**Problem to work on**: Set down a true copy of the data, with all pictures left out.

▬▬▬▬▬▬▬▬▬▬

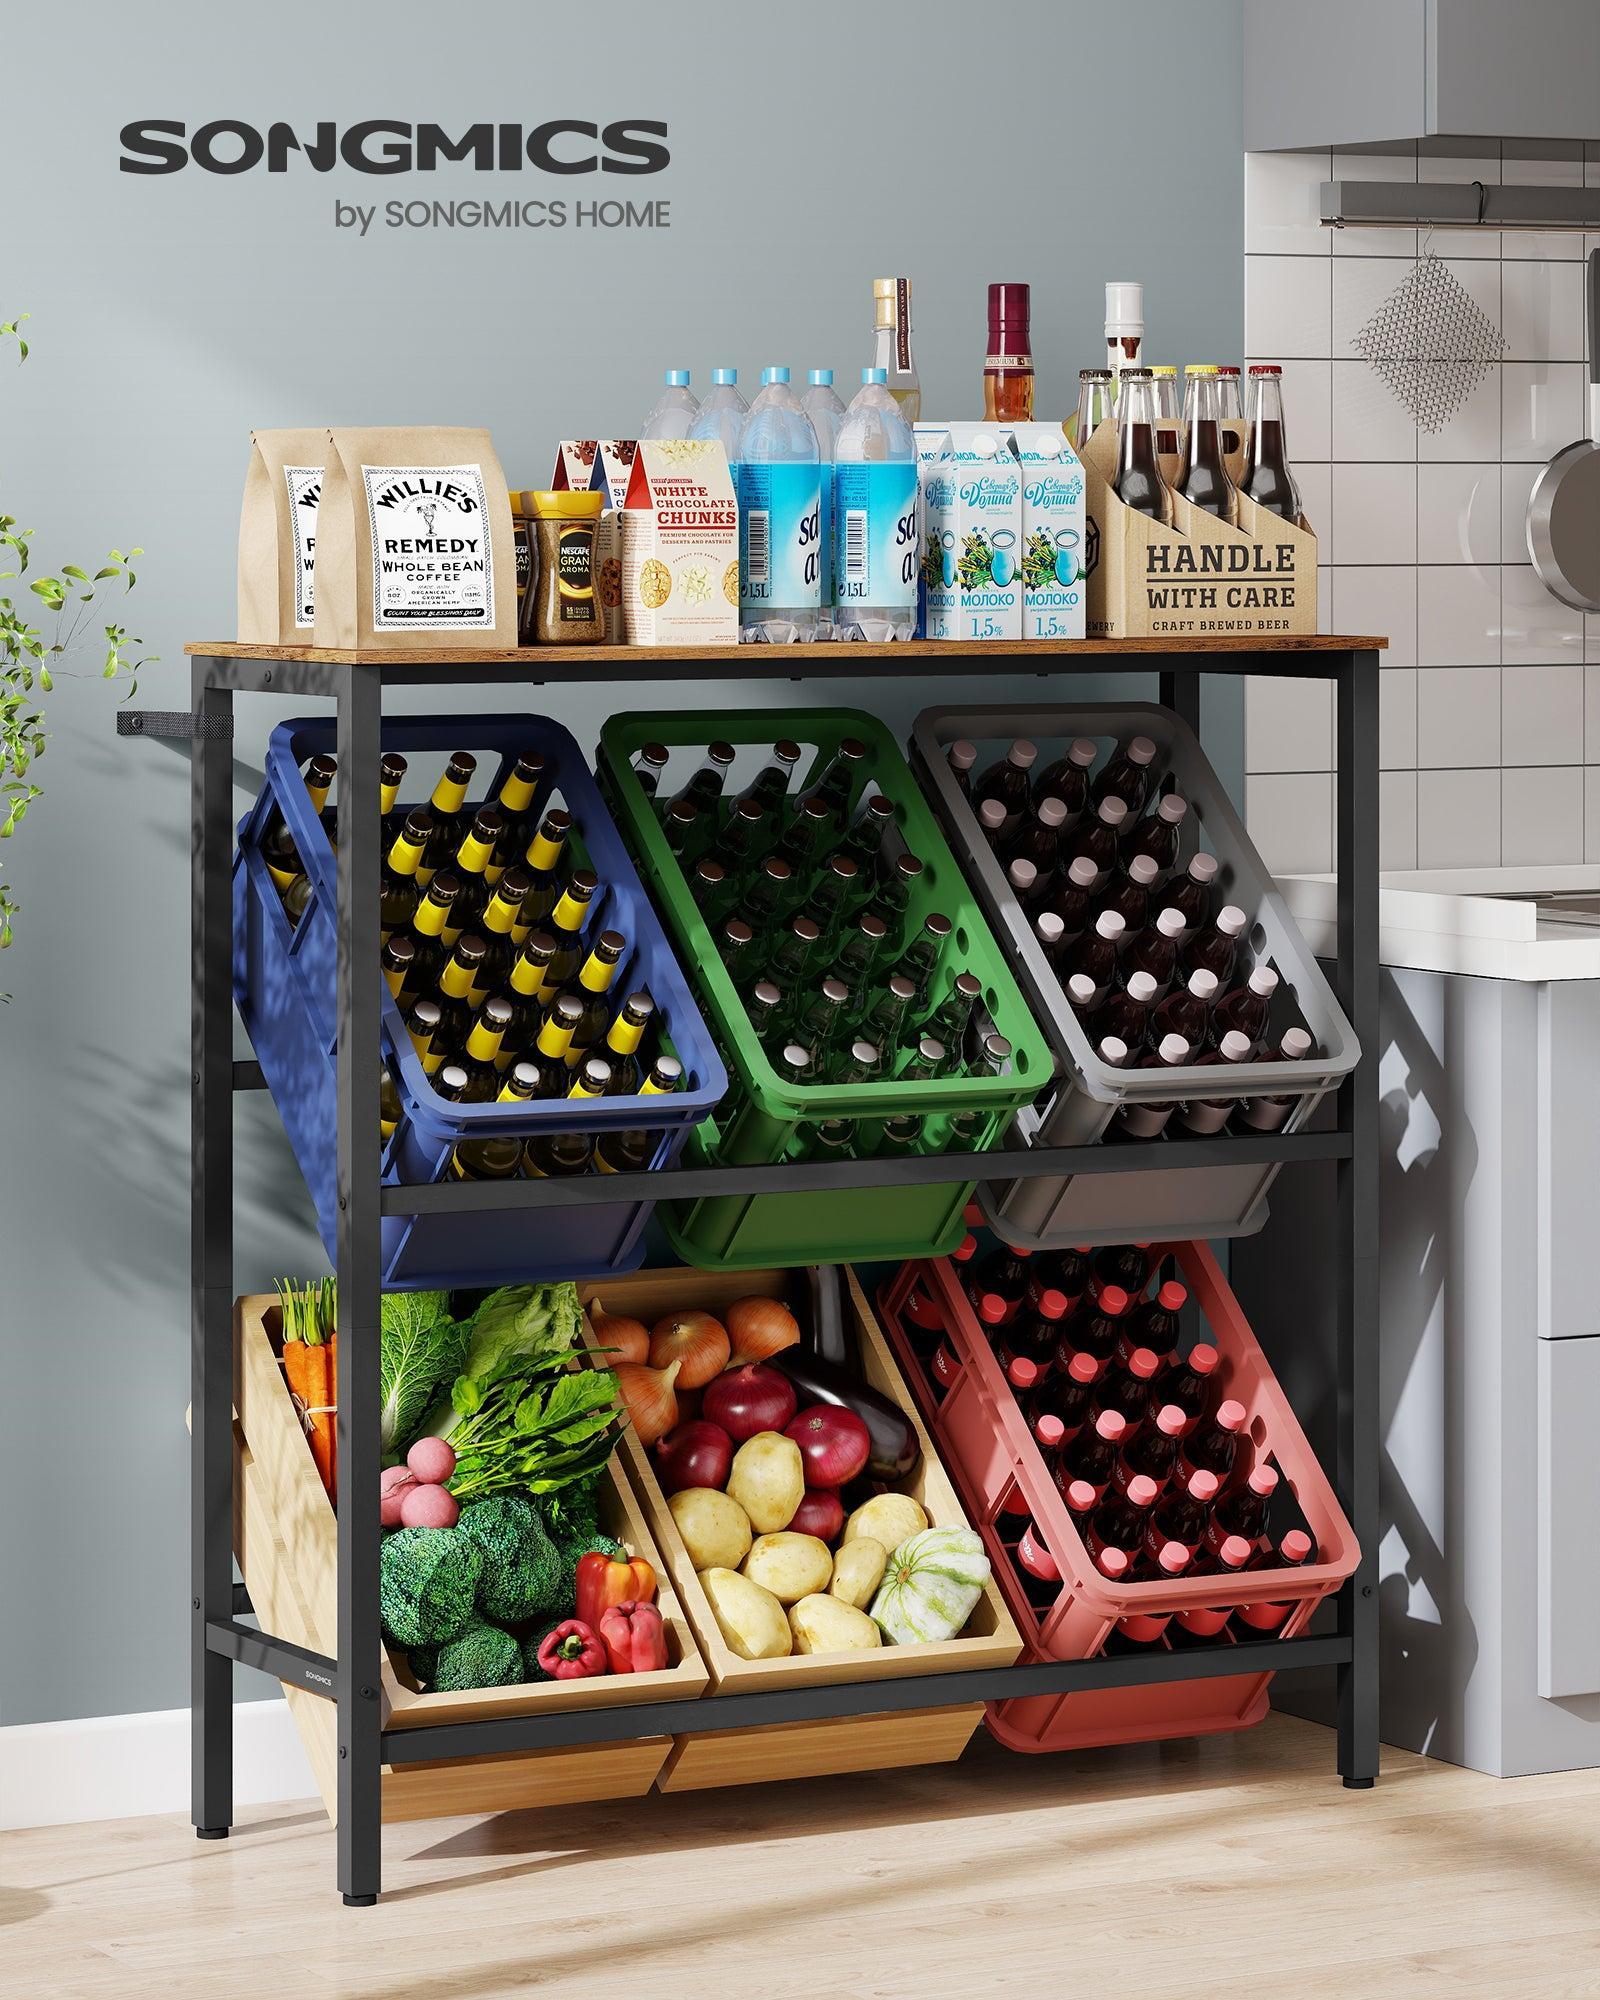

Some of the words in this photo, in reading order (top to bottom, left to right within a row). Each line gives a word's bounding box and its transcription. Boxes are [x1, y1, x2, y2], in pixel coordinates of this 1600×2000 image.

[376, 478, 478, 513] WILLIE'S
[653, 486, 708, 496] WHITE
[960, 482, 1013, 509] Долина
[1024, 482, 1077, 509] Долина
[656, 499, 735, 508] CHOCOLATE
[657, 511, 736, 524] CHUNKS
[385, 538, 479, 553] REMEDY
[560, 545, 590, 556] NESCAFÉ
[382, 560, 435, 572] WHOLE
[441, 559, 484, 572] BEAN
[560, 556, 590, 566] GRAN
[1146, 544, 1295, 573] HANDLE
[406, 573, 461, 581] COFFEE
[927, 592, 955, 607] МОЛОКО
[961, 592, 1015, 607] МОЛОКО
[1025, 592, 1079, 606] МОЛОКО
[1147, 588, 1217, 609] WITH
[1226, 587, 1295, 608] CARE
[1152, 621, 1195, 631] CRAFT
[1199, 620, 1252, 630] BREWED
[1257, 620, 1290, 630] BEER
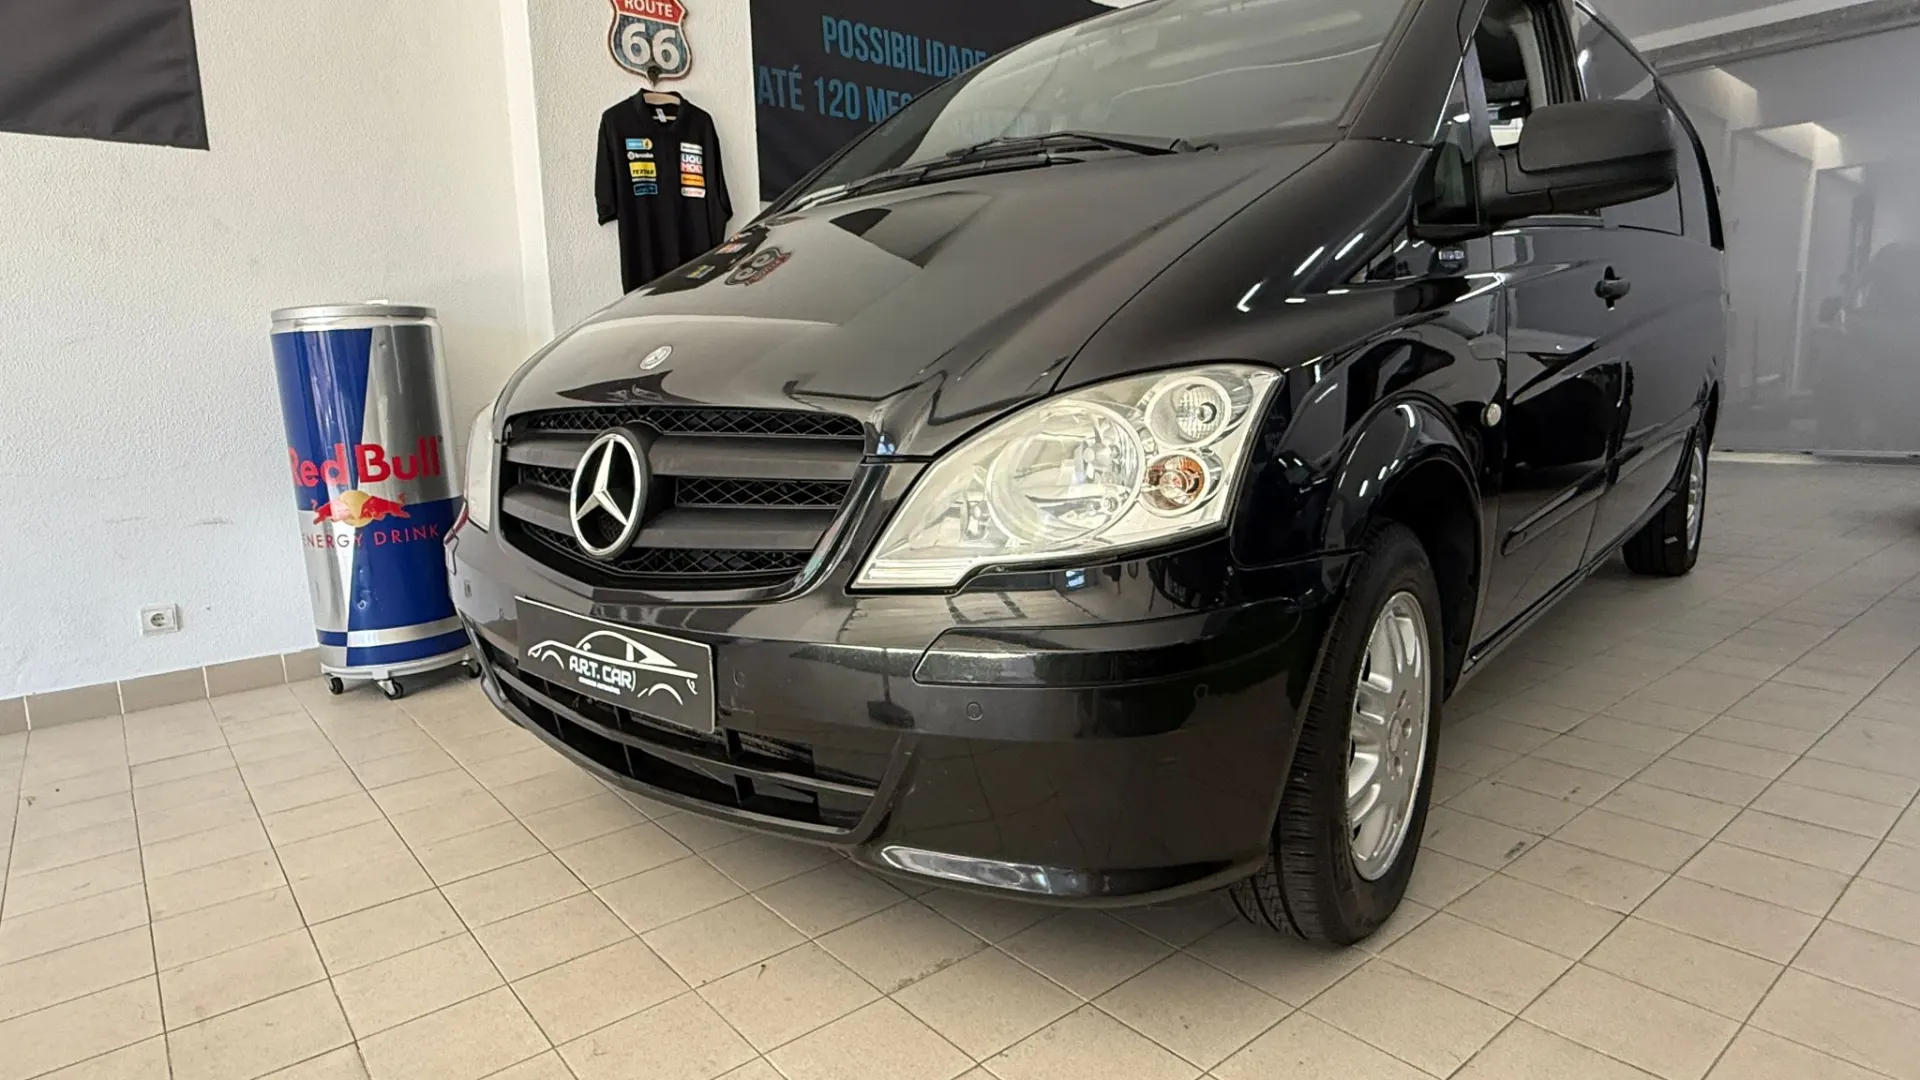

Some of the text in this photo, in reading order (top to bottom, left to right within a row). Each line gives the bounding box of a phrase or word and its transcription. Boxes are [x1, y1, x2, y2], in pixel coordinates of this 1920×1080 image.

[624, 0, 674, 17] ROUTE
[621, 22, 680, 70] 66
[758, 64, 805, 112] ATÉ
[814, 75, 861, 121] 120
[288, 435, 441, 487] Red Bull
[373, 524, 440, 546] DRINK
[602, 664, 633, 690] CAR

▬▬▬▬▬▬▬▬▬▬

**Response**:
Some of the words in this photo, in reading order (top to bottom, left to right within a row). Each line gives a word's bounding box and its transcription. Boxes are [x1, y1, x2, y2], in pixel coordinates of this 1600×2000 image.

[376, 478, 478, 513] WILLIE'S
[653, 486, 708, 496] WHITE
[960, 482, 1013, 509] Долина
[1024, 482, 1077, 509] Долина
[656, 499, 735, 508] CHOCOLATE
[657, 511, 736, 524] CHUNKS
[385, 538, 479, 553] REMEDY
[560, 545, 590, 556] NESCAFÉ
[382, 560, 435, 572] WHOLE
[441, 559, 484, 572] BEAN
[560, 556, 590, 566] GRAN
[1146, 544, 1295, 573] HANDLE
[406, 573, 461, 581] COFFEE
[927, 592, 955, 607] МОЛОКО
[961, 592, 1015, 607] МОЛОКО
[1025, 592, 1079, 606] МОЛОКО
[1147, 588, 1217, 609] WITH
[1226, 587, 1295, 608] CARE
[1152, 621, 1195, 631] CRAFT
[1199, 620, 1252, 630] BREWED
[1257, 620, 1290, 630] BEER

Some of the text in this photo, in reading order (top to bottom, left to right within a row). Each line gives the bounding box of a phrase or word and its transcription. Boxes are [x1, y1, x2, y2], in pixel coordinates of this 1920×1080 image.

[624, 0, 674, 17] ROUTE
[621, 22, 680, 70] 66
[758, 64, 805, 112] ATÉ
[814, 75, 861, 121] 120
[288, 435, 441, 487] Red Bull
[373, 524, 440, 546] DRINK
[602, 664, 633, 690] CAR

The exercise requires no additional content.